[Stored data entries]
* * *

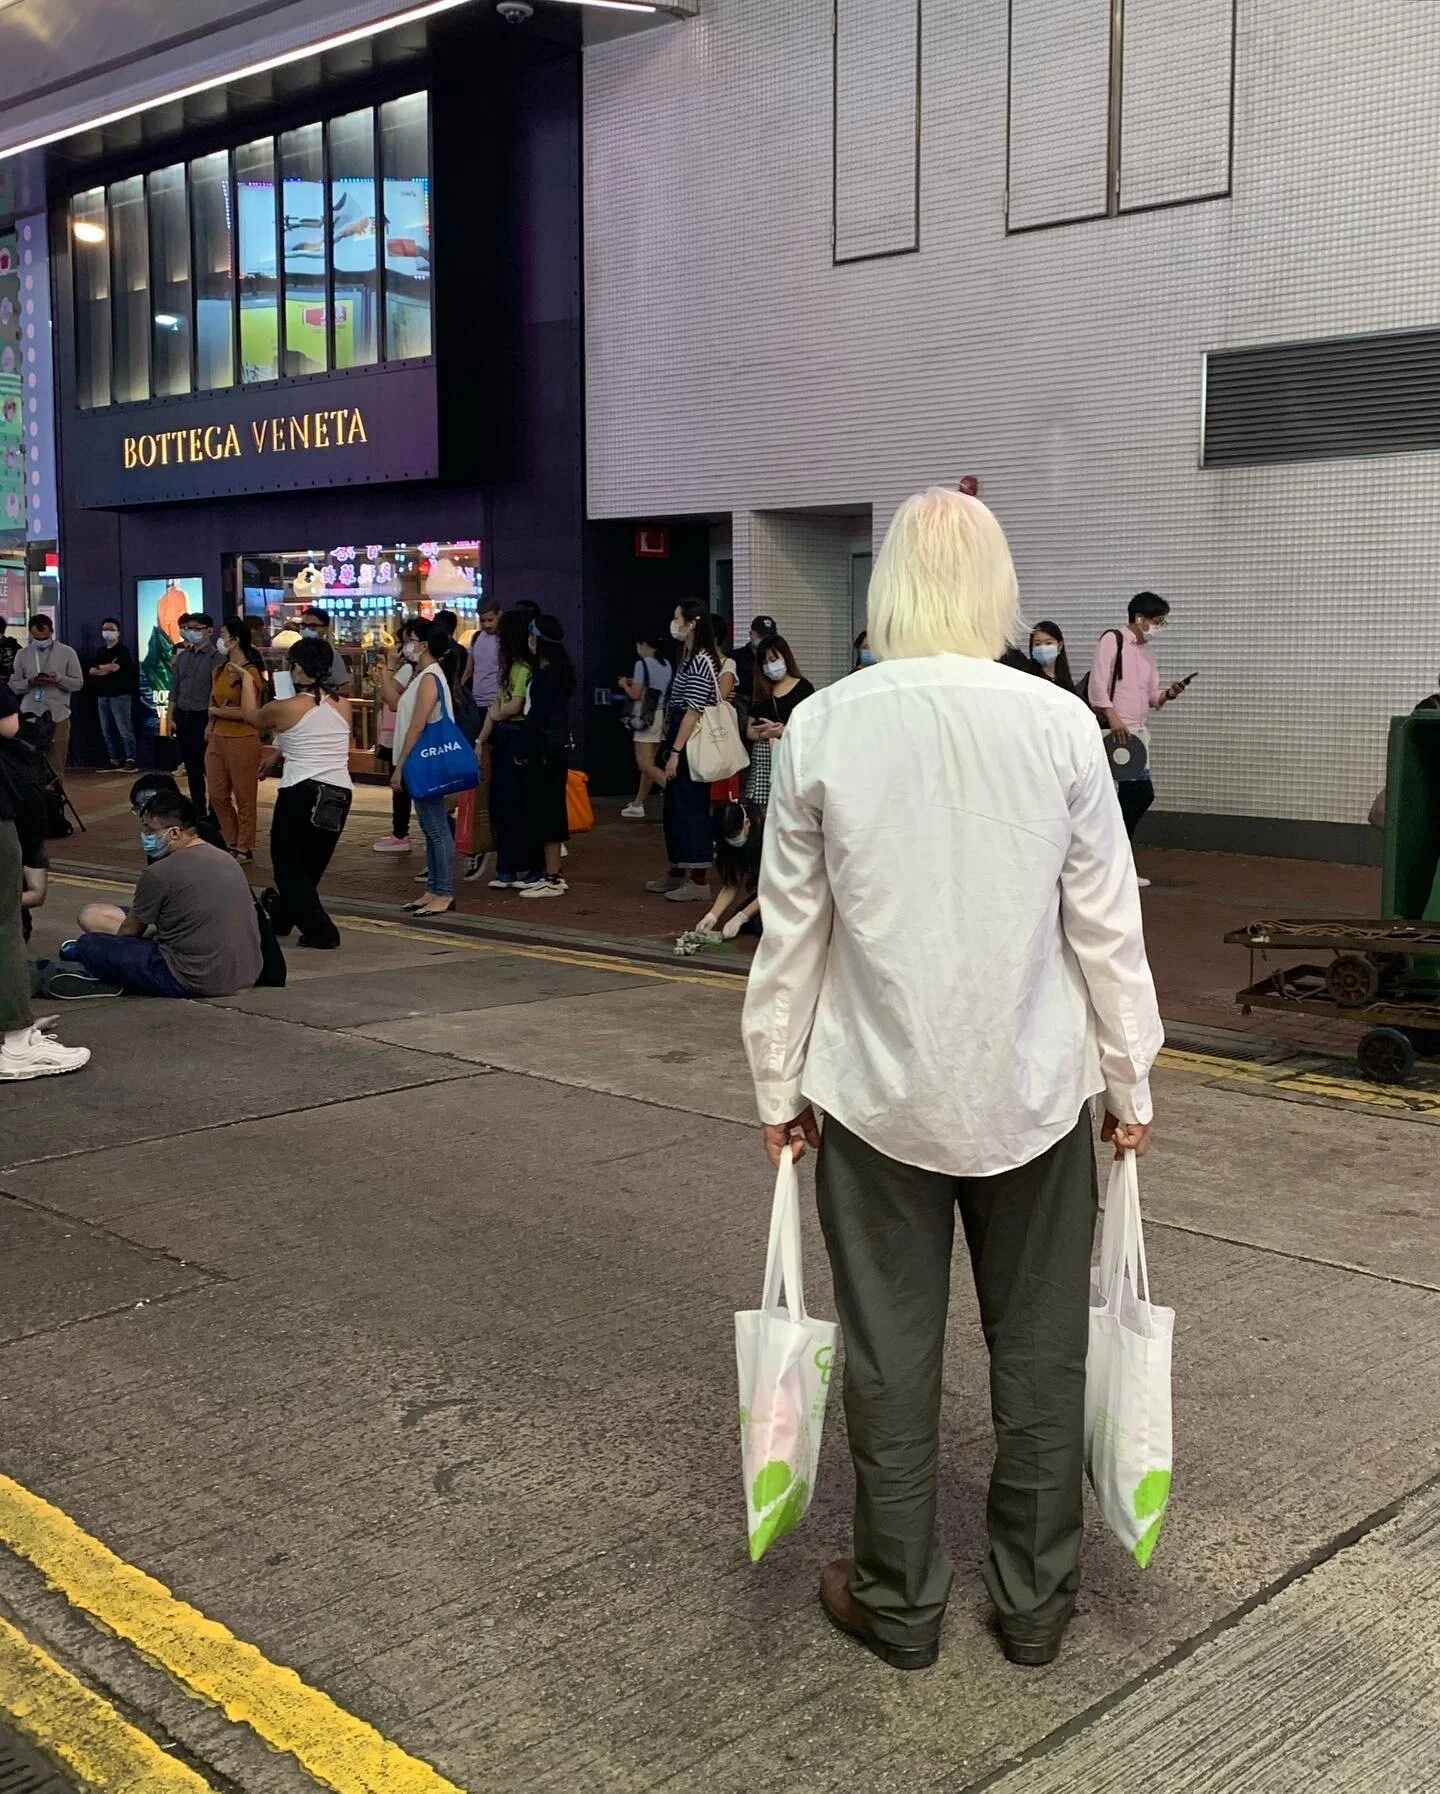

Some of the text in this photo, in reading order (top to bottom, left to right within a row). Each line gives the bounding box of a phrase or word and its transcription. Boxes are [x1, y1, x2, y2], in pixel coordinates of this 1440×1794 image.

[123, 407, 368, 469] BOTTEGA VENETA
[420, 741, 463, 758] GRANA
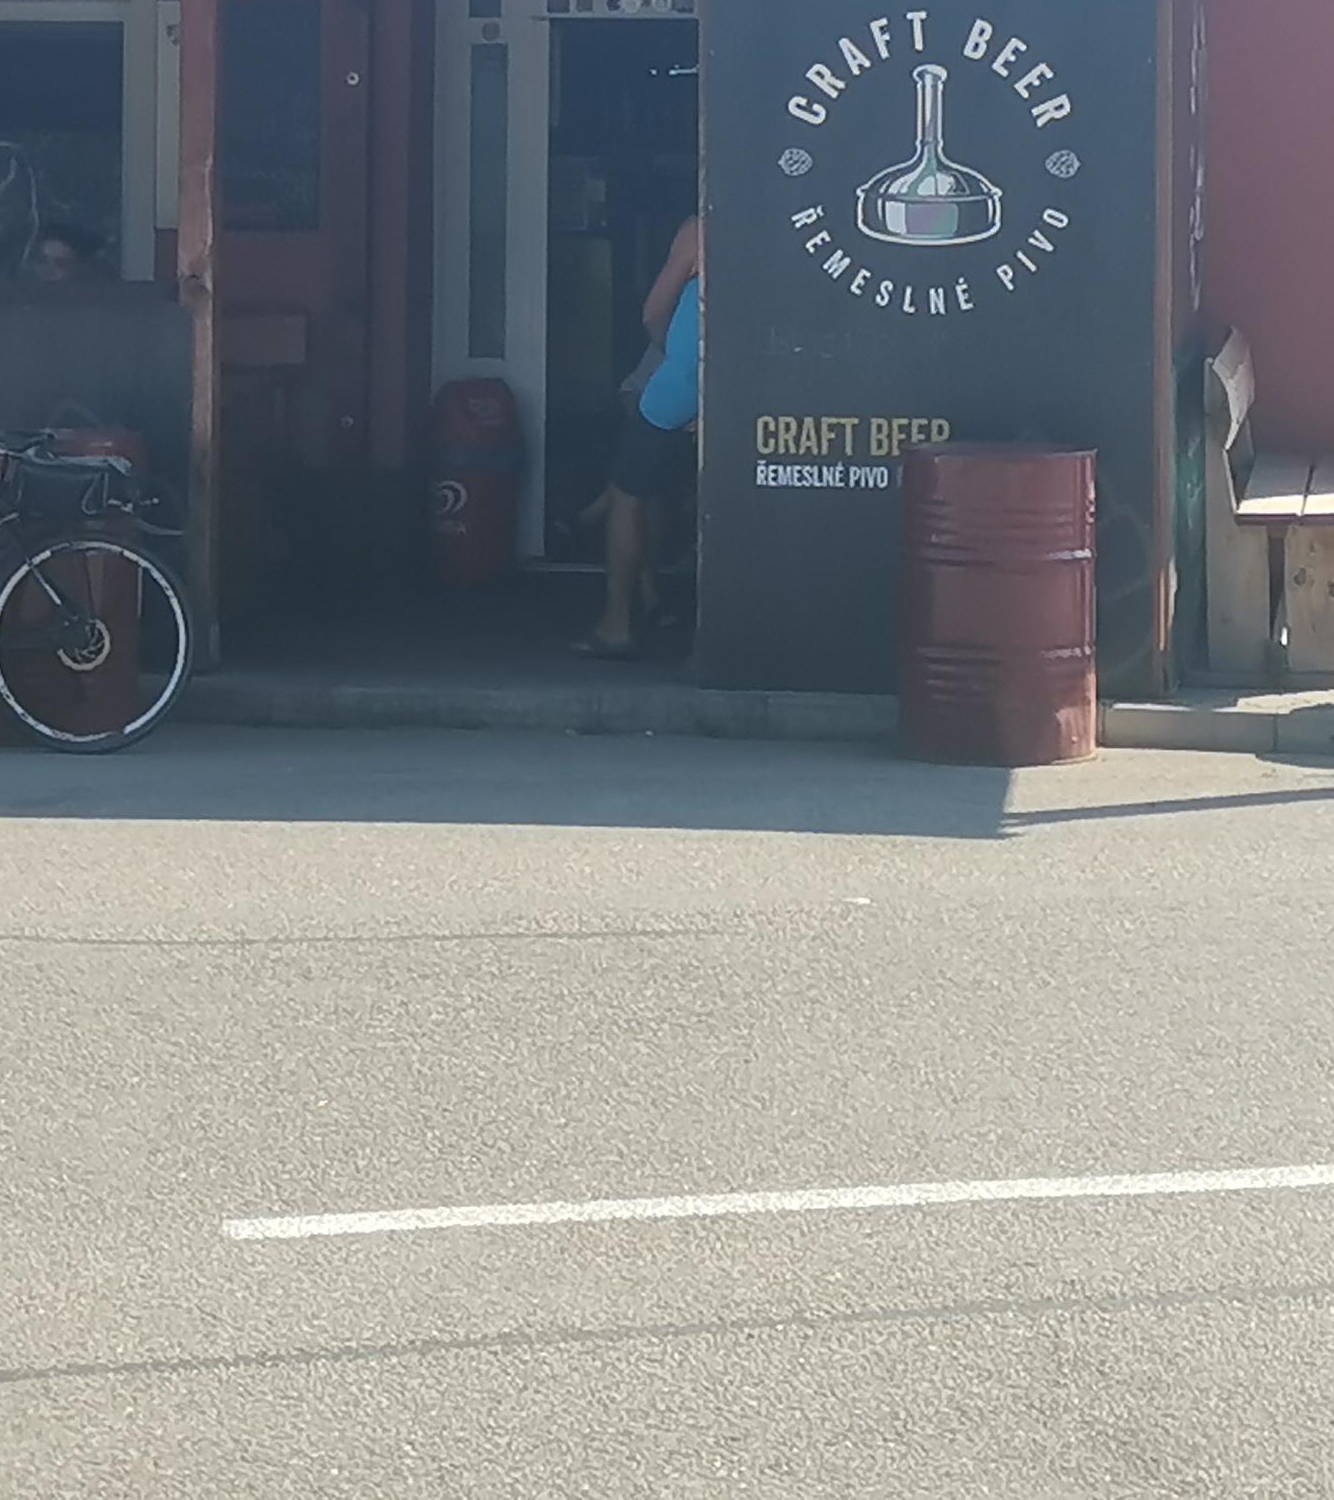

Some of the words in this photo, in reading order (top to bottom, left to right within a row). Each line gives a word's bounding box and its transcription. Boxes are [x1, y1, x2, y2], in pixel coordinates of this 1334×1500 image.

[788, 11, 927, 125] CRAFT
[963, 19, 1071, 128] BEER
[791, 205, 974, 315] ŘEMESLNÉ
[996, 208, 1069, 291] PIVO
[757, 416, 859, 456] CRAFT
[756, 460, 846, 487] ŘEMESLNÉ
[850, 466, 888, 488] PIVO

* * *

PROBLEM TO SOLVE
Can you quote exactly the lines from the one containing "Some of the words" through the last line of the records above, and nothing else?

TASK RESULT
Some of the words in this photo, in reading order (top to bottom, left to right within a row). Each line gives a word's bounding box and its transcription. Boxes are [x1, y1, x2, y2], in pixel coordinates of this 1334×1500 image.

[788, 11, 927, 125] CRAFT
[963, 19, 1071, 128] BEER
[791, 205, 974, 315] ŘEMESLNÉ
[996, 208, 1069, 291] PIVO
[757, 416, 859, 456] CRAFT
[756, 460, 846, 487] ŘEMESLNÉ
[850, 466, 888, 488] PIVO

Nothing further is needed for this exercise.